PLACE Report Template

Priorities for Local AIDS Control Efforts

Location

<Date>

Instructions on How to Use The PLACE Report Template

These guidelines should help you in writing a preliminary PLACE report and maintain some consistency in content and format. The report guidelines may need to be modified for your PLACE study to highlight additional findings or incorporate any methodology changes. For example, this report template assumes that there is a country-level strategy for PLACE; that districts were selected for PLACE implementation; and that there are one or more priority prevention areas (PPAs) in each district. This report summarizes the findings for one PPA, however, the tables can be modified to report the findings for more than one PPA.

The report follows the five steps of the protocol and for each step describes the method and the results. A discussion of the results is encouraged.

There is an executive summary at the beginning of the report.

Tables are incorporated into the text of the report. The questions after each table can be used to guide interpretation of each table.

Understanding the Guidelines:

Brackets < > — Suggestions are written inside the brackets (horizontal carets).

Blanks______. — Fill in the blanks with the information for your study.

Text — We have included draft text that you can adapt. If you keep the text that is provided, be sure to check it for accuracy for your district. You can always delete or add to the text.

Graphs and maps — Graphs and maps can go into the text. You can click on these graphs and edit the data.

Tables — For each table there is space in the text to summarize and comment briefly on the table.

Paper size — Be aware that this template has been formatted for printing on the standard office paper size used within most countries outside North American (A4 paper). If printing this report in a country that uses the standard paper size typically used in North American countries (8½ x 11 inches), we recommend changing the paper-size formatting before working on your report.

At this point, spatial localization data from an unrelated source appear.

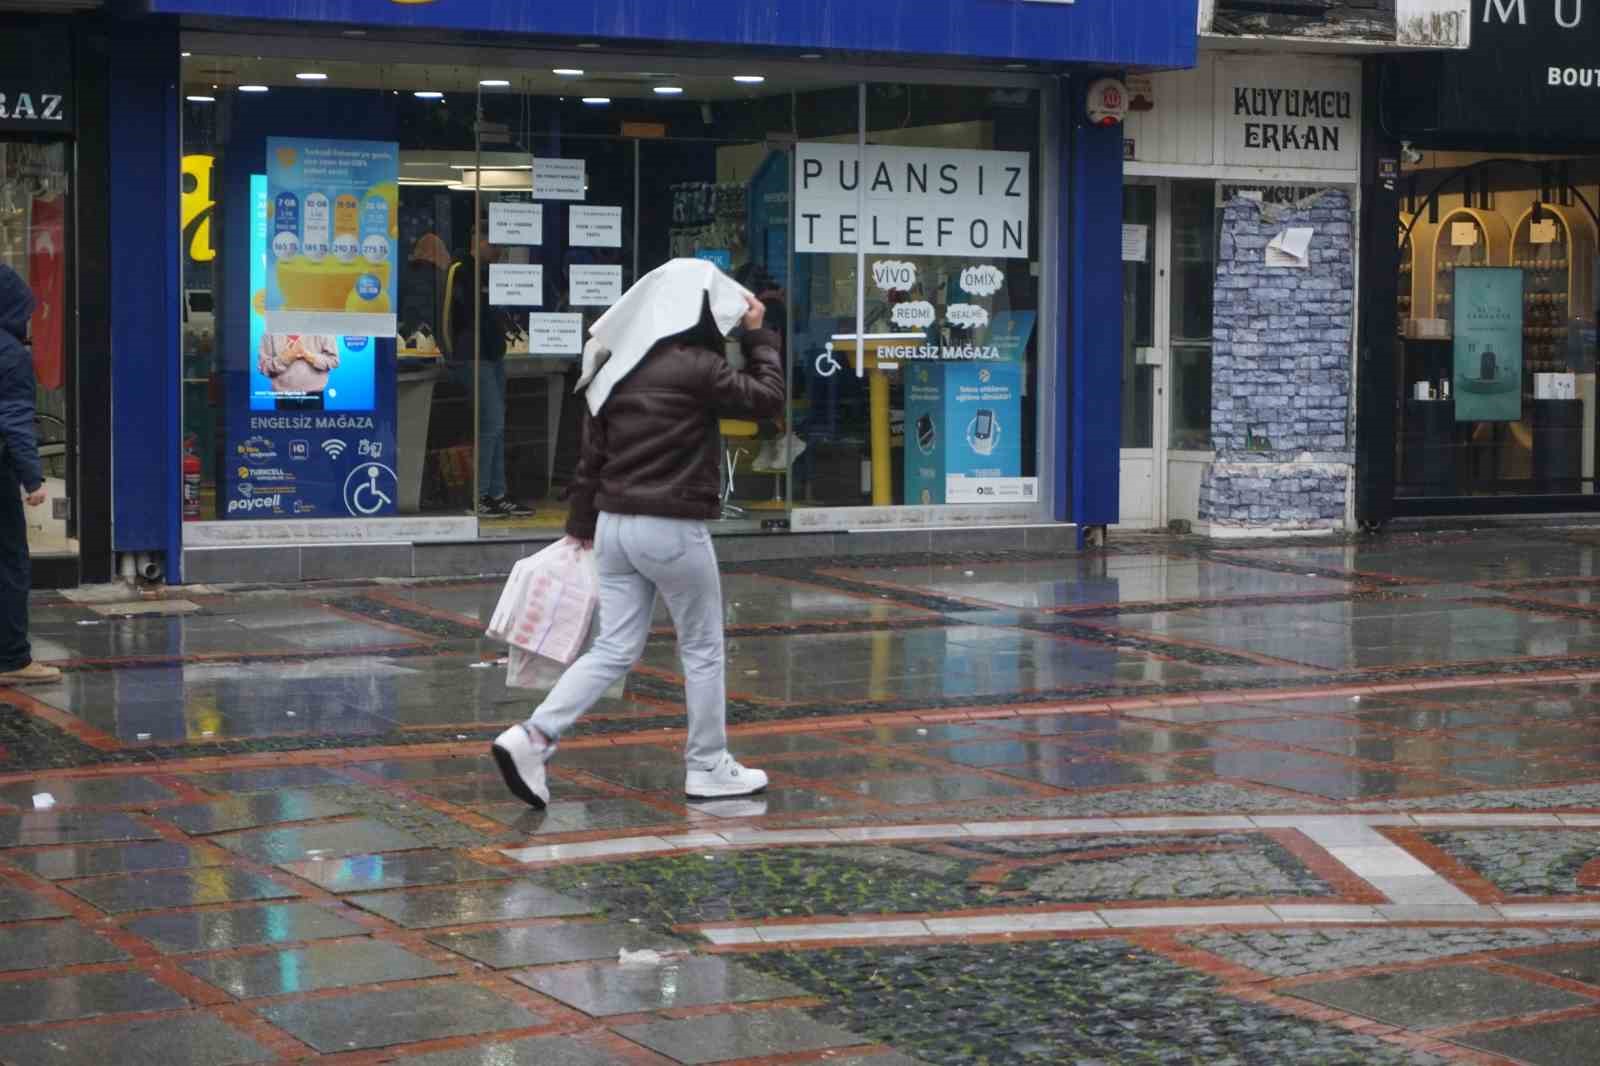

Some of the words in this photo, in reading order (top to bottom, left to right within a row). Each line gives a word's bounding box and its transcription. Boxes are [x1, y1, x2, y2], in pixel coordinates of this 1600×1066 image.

[1233, 87, 1351, 119] KUYUMCU
[1244, 122, 1340, 151] ERKAN
[802, 158, 1022, 197] PUANSIZ
[801, 213, 1023, 250] TELEFON
[877, 344, 939, 359] ENGELSİZ
[942, 344, 1000, 359] MAĞAZA
[250, 415, 312, 429] ENGELSİZ
[315, 415, 375, 429] MAĞAZA
[228, 494, 280, 513] paycell
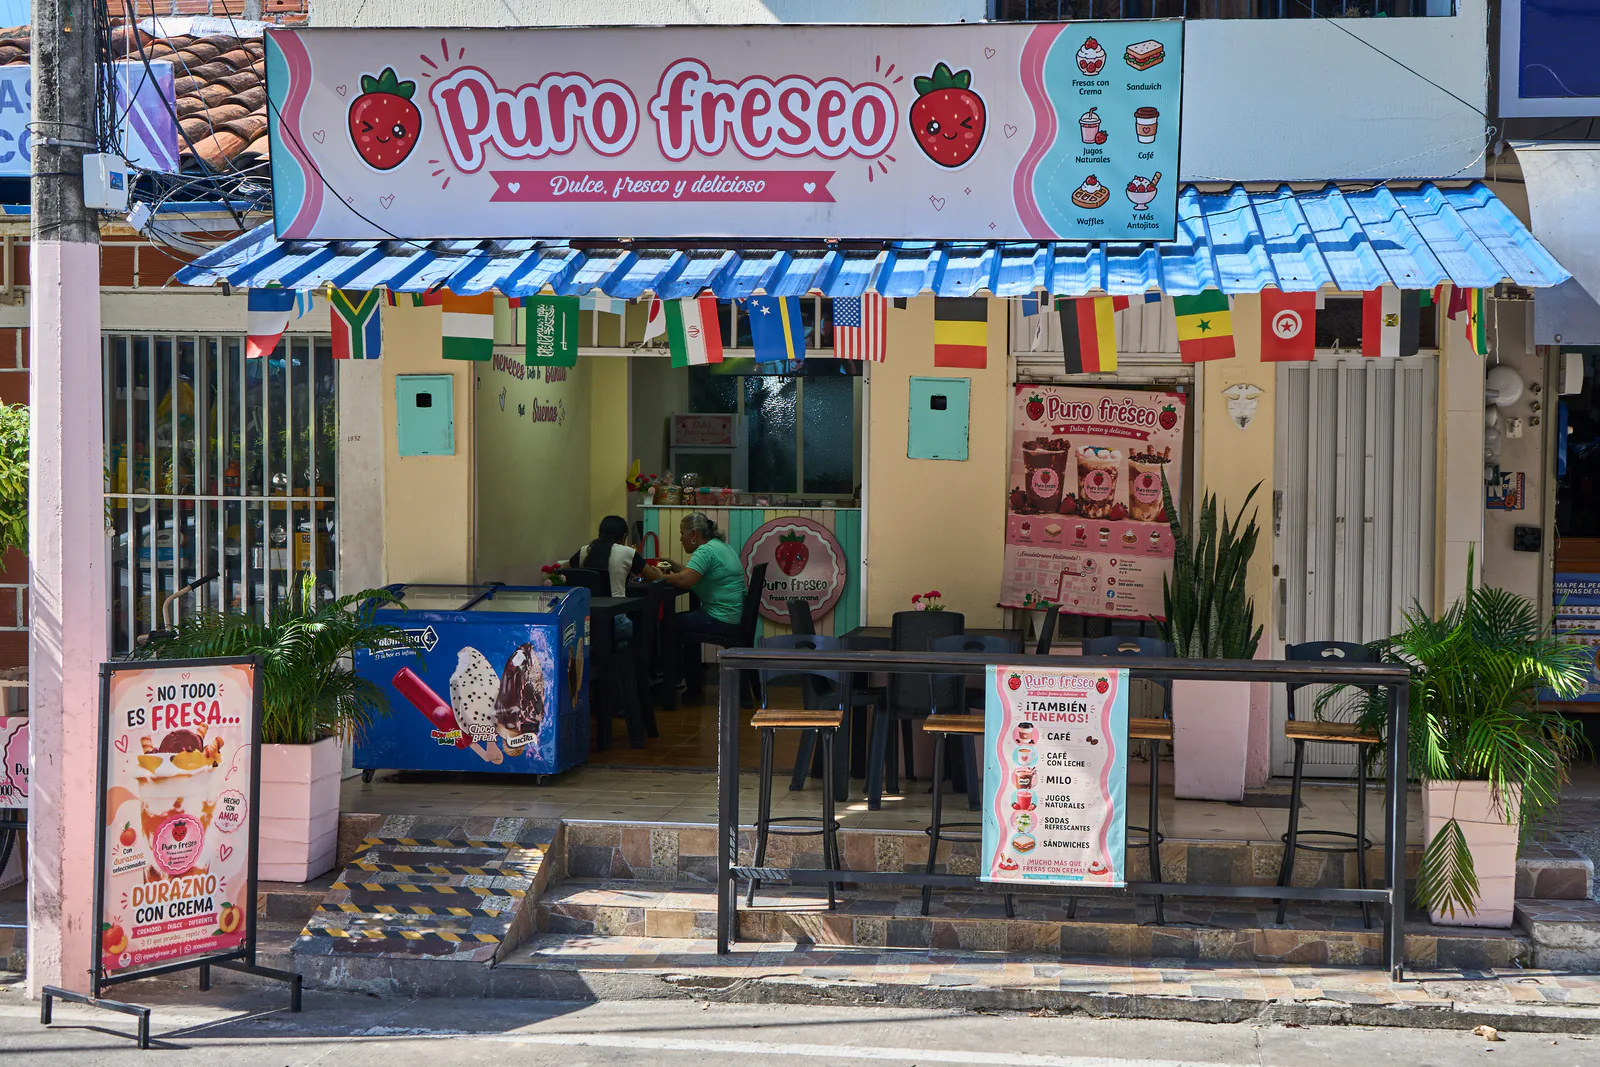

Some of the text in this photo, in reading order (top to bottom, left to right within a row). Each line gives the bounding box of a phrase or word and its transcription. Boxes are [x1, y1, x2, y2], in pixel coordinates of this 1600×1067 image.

[1072, 79, 1095, 87] Fresas
[1126, 83, 1162, 91] Sandwich
[653, 62, 893, 157] freseo
[1083, 147, 1103, 156] Jugos
[1138, 152, 1154, 160] Café
[550, 175, 766, 198] Dulce, fresco y delicioso
[1076, 217, 1104, 226] Waffles
[1127, 221, 1159, 230] Antojitos
[532, 397, 558, 424] Sueñas
[1047, 396, 1157, 426] Puro freseo
[1087, 426, 1104, 434] fresco
[1109, 428, 1132, 437] delicioso
[1024, 674, 1095, 688] Puro freseo
[157, 682, 216, 702] NO TODO
[1026, 701, 1087, 713] ¡TAMBIÉN
[126, 700, 241, 731] ES FRESA...
[1024, 712, 1089, 723] TENEMOS!
[468, 724, 496, 735] Choco
[471, 733, 499, 743] Break
[1047, 731, 1071, 741] CAFÉ
[1047, 751, 1067, 760] CAFÉ
[15, 763, 29, 776] Pu
[1064, 760, 1085, 768] LECHE
[1046, 776, 1072, 785] MILO
[223, 797, 241, 805] HECHO
[1045, 794, 1071, 802] JUGOS
[1045, 802, 1085, 810] NATURALES
[218, 811, 239, 823] AMOR
[1044, 816, 1070, 824] SODAS
[1044, 824, 1091, 832] REFRESCANTES
[113, 852, 144, 866] duraznos
[112, 860, 146, 874] seleccionados
[1062, 867, 1086, 875] CREMA!
[132, 875, 217, 908] DURAZNO
[135, 896, 214, 924] CON CREMA
[136, 916, 213, 936] CREMOSO DULCE DIFERENTE
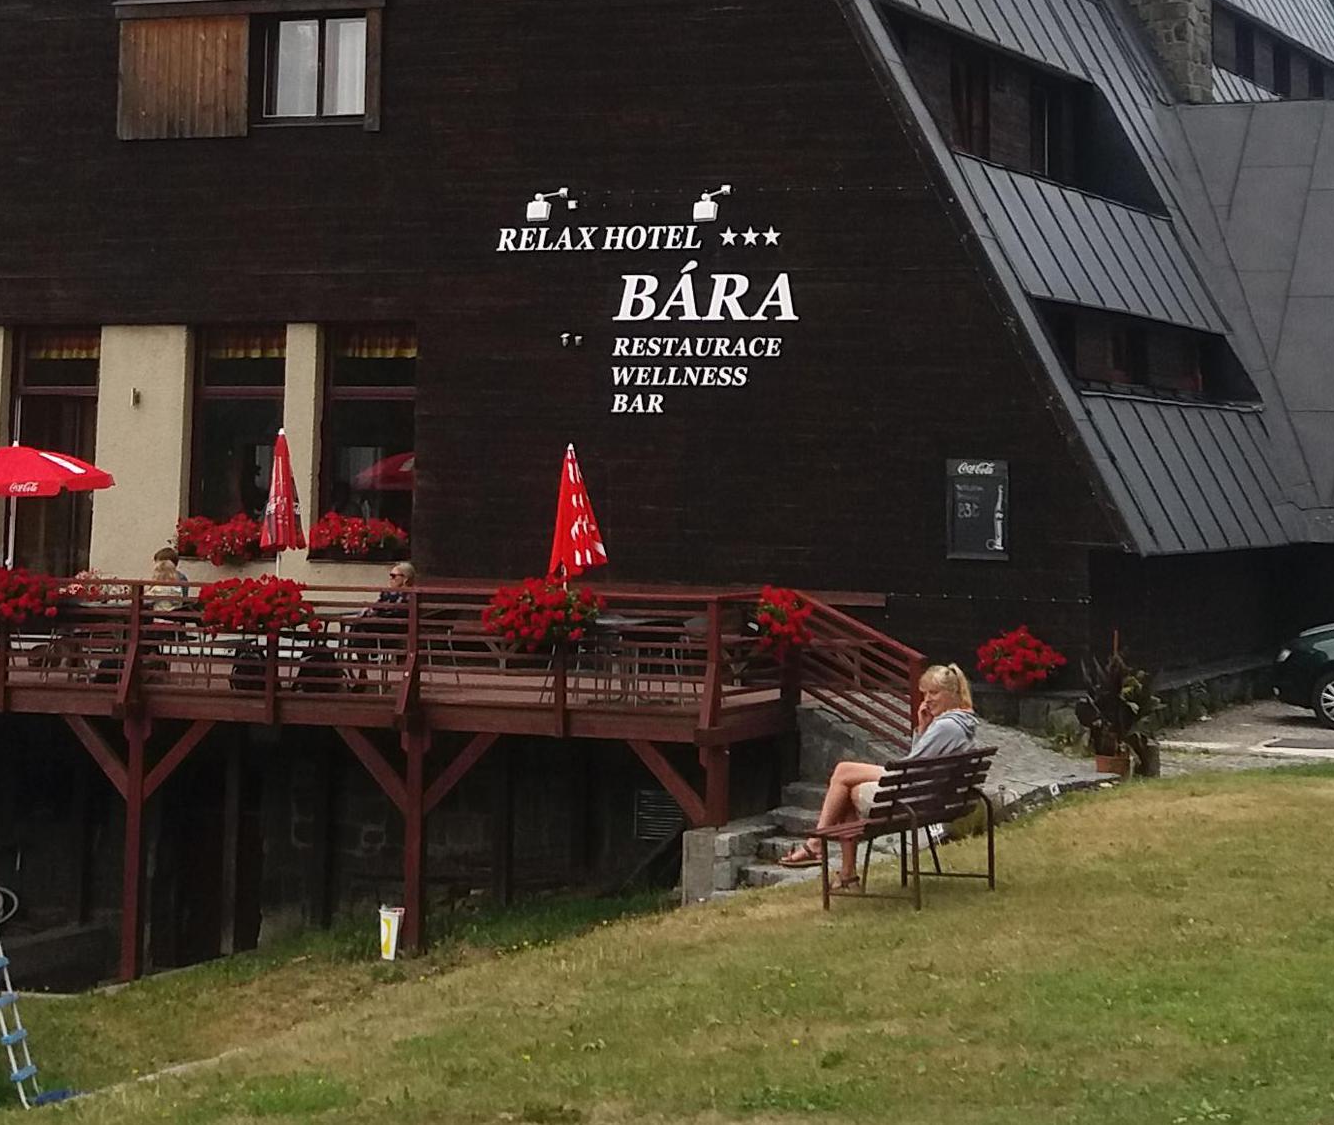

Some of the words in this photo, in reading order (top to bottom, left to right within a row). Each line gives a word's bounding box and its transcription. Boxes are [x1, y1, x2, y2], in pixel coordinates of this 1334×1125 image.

[496, 227, 598, 251] RELAX
[602, 226, 702, 251] HOTEL
[612, 260, 799, 321] BÁRA
[612, 337, 782, 357] RESTAURACE
[612, 367, 748, 387] WELLNESS
[611, 394, 664, 413] BAR

To change paper size in Microsoft Word, select “Page Setup” and the “Paper” tab, then adjust the “Paper size” choice.

Table of contents — If preparing this document in Microsoft Word, the Table of Contents, List of Tables, or List of Figures may be updated automatically by placing the cursor within each of the contents listing and using the “F9” key on your computer. Be aware that any new chapter titles, subheadings, or illustration or figure titles will not appear in the updated listings unless they were tagged to do so (any new listing that were not tagged, however, can still be typed in manually within the Table of Contents).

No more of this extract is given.